A esto se suman los cargos en la donación, que funcionan como condiciones vinculadas al acto de transferencia. Según detalló el especialista, pueden incluir restricciones o compromisos específicos: “Puede ser de asistencia, de no enajenar sin consentimiento o de habitar el inmueble, cuyo incumplimiento habilita la revocación de la donación”. Estas herramientas refuerzan el control del donante y permiten establecer límites claros dentro del acto jurídico.
Otra estrategia destacada es la partición por donación, que busca evitar conflictos posteriores entre herederos. “El donante distribuye todos sus bienes entre los herederos forzosos en un mismo acto, fijando valores y adjudicaciones, lo que reduce sustancialmente el riesgo de reclamos por desigualdad”, señaló. Este mecanismo puede complementarse con la dispensa de colación o la cláusula de mejora, siempre que estén expresamente previstas: “Si no están en la escritura, no se aplican automáticamente”.
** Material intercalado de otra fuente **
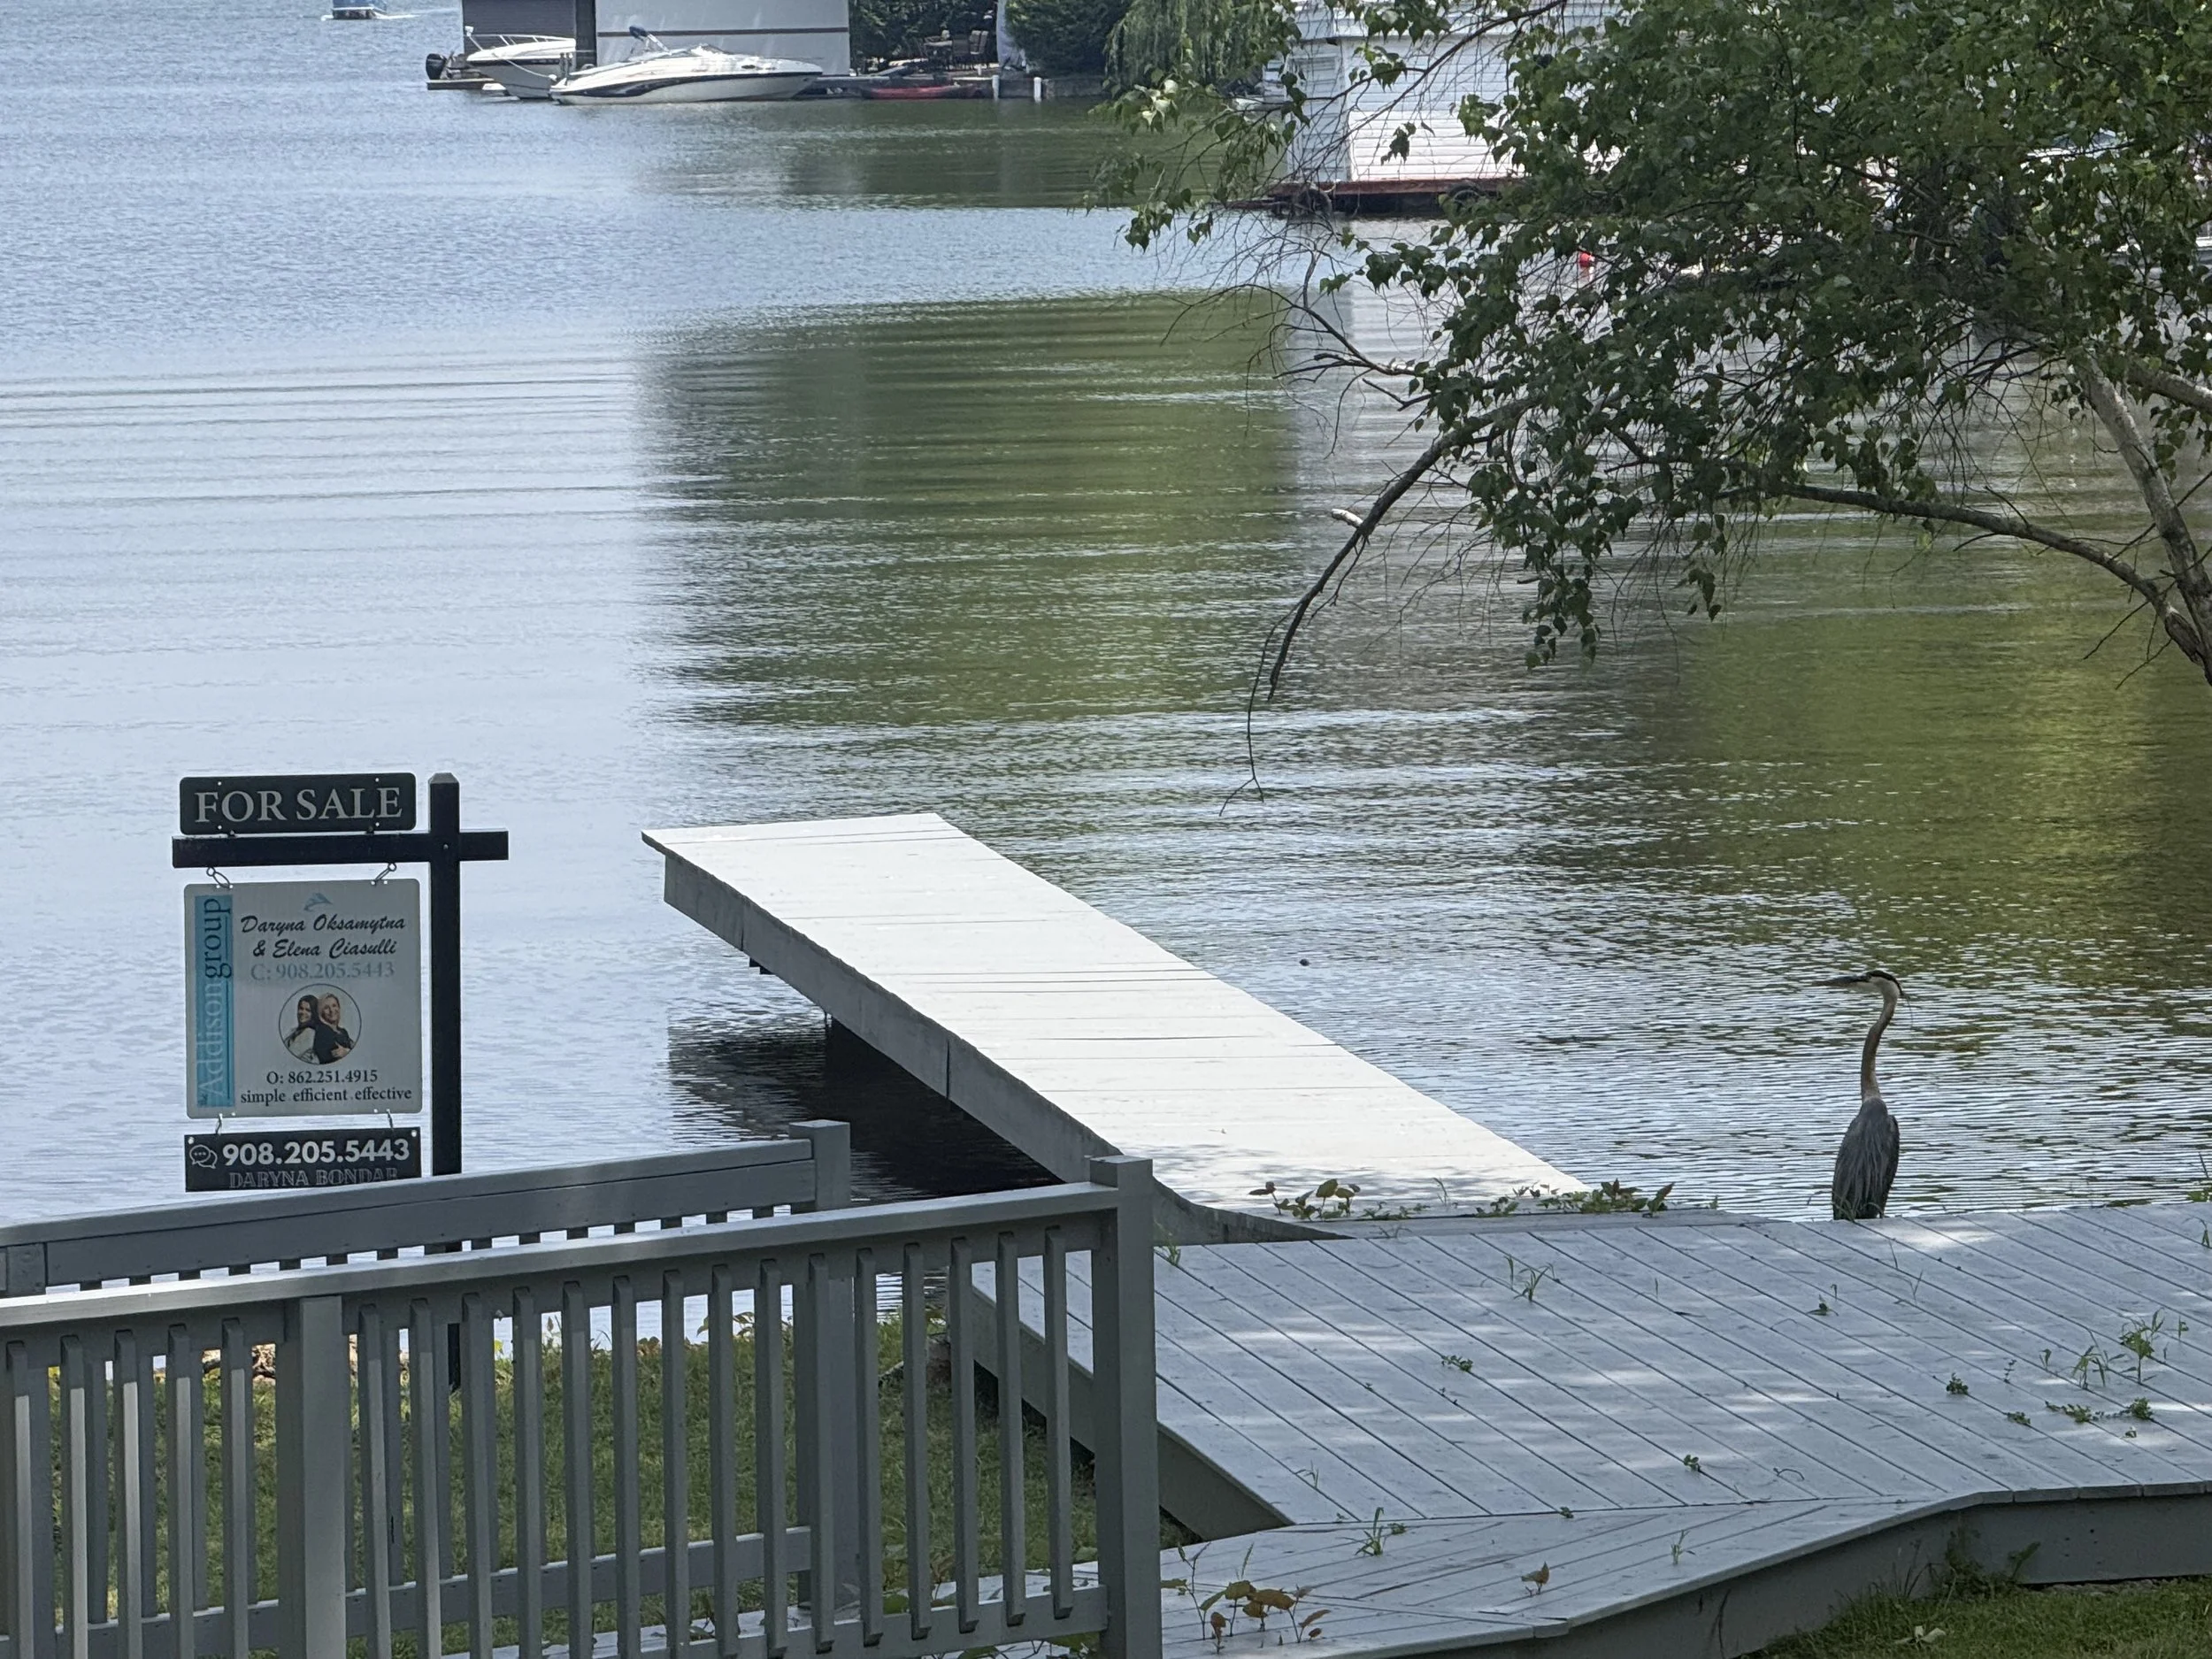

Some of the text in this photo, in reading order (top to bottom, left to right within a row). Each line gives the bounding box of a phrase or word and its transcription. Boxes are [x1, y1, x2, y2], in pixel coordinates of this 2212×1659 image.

[194, 787, 403, 823] FOR SALE
[240, 913, 406, 937] Daryna Oksamytna
[204, 898, 233, 979] group
[253, 937, 398, 959] & Elena Ciasulli
[250, 961, 396, 981] C: 908.205.5443
[196, 982, 223, 1097] Addison
[266, 1069, 379, 1085] O: 862.251.4915
[240, 1086, 412, 1106] simple efficient effective
[222, 1138, 410, 1166] 908.205.5443
[229, 1167, 398, 1189] DARYNA BONDAR
Donación o sucesión: costos, tiempos y riesgos en la planificación patrimonial
La elección entre donación y sucesión depende de múltiples factores económicos y familiares, aunque el especialista fue categórico al señalar la ventaja de la planificación anticipada. “Siempre va a ser mejor la planificación sucesoria previa antes que ir a la sucesión”, afirmó el abogado, aunque reconoció que en algunos casos la vía judicial puede ser inevitable por razones familiares o patrimoniales.
Desde el estudio jurídico GRB Legal, el abogado Mariano Giménez Riili explicó cómo la normativa redujo riesgos y disputas entre herederos.
En términos económicos, la diferencia es significativa. “La donación, al ser a título gratuito, tiene costos impositivos muy bajos; en Mendoza prácticamente se reduce a honorarios notariales”, explicó. En contraste, la sucesión implica una estructura de costos más compleja: “Aparecen honorarios de abogados, tasa de justicia, aportes previsionales e inscripciones, lo que la vuelve bastante más onerosa que una donación”.
También existen diferencias sustanciales en los tiempos de resolución. “La donación se instrumenta en semanas o meses como mucho”, señaló el abogado, mientras que una sucesión puede extenderse considerablemente: “Si no hay conflicto puede demorar entre uno y dos años, y si es conflictiva, mucho más”. Durante ese período, los bienes quedan en un esquema de indivisión que puede generar tensiones entre herederos.
En cuanto a los riesgos, el especialista destacó que una donación bien estructurada presenta un nivel de seguridad elevado: “El riesgo para terceros es muy limitado y una donación bien realizada no tiene mayores riesgos, salvo conflictos entre herederos por afectación de legítimas”. En la sucesión, en cambio, el principal problema es la gestión compartida de los bienes: “La indivisión genera conflictividad porque los herederos deben administrar en conjunto sin reglas claras, lo que suele derivar en disputas sobre administración y valuación de bienes”.